That's what I wrote in "Close encounters:  How we're crossing paths with pathogen-bearing pests," my article in the latest issue of Stanford Medicine, which is all about the intersection of our environment and our health.

But my article wasn't as much about my deep-seated hatred for those odious, buzzing winged leeches as it was about this:

Human activities are modifying large areas of the Earth, causing formerly cryptic pathogens to seemingly pop up out of nowhere... New diseases have been emerging from swamps, forests and riversides at a rate of about one a year over the past four decades... We have no genetically based resistance to these new diseases.
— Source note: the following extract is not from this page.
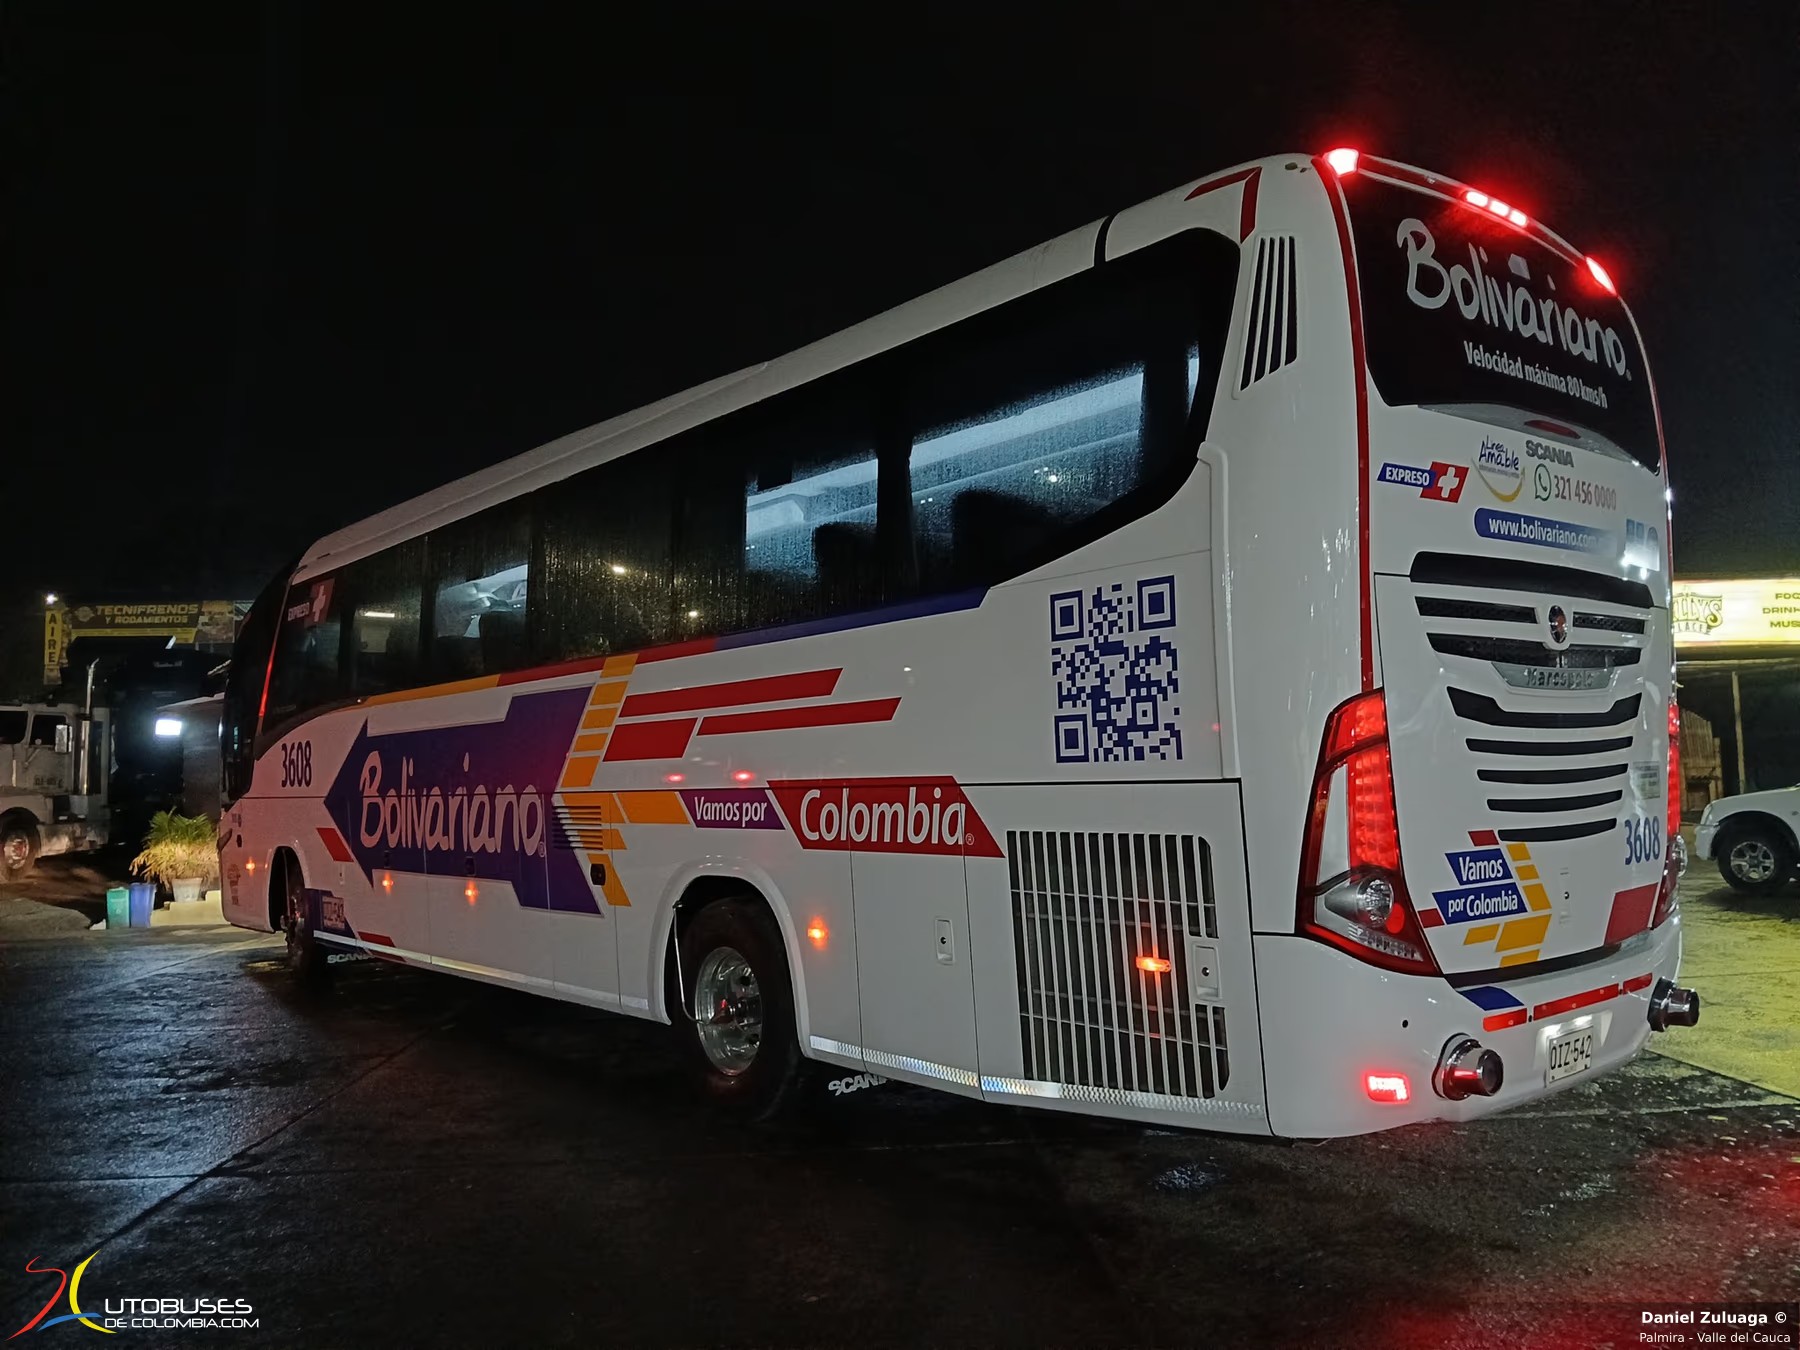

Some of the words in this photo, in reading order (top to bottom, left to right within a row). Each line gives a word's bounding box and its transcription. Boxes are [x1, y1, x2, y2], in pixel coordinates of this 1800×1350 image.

Meanwhile, long-dormant epidemics have been awakening from their slumber, and some of those aren’t exactly a walk in the park, either.

Fortunately we humans, or at least selected combinations of us - in this case Stanford environmental scientist Eric Lambin, PhD; field biologist Rodolfo Dirzo, PhD; and public-health expert Michele Barry, MD, -  are capable of combining high-level technology, global epidemiological wizardry and good old house-to-house shoe leather to find out about the often unpredicted impact the changes we make in our use of land visit on the ecosystems that envelope us, figure out what can or should be done about it.... and then get out there and actually do something about it. (For more details, read my full article.)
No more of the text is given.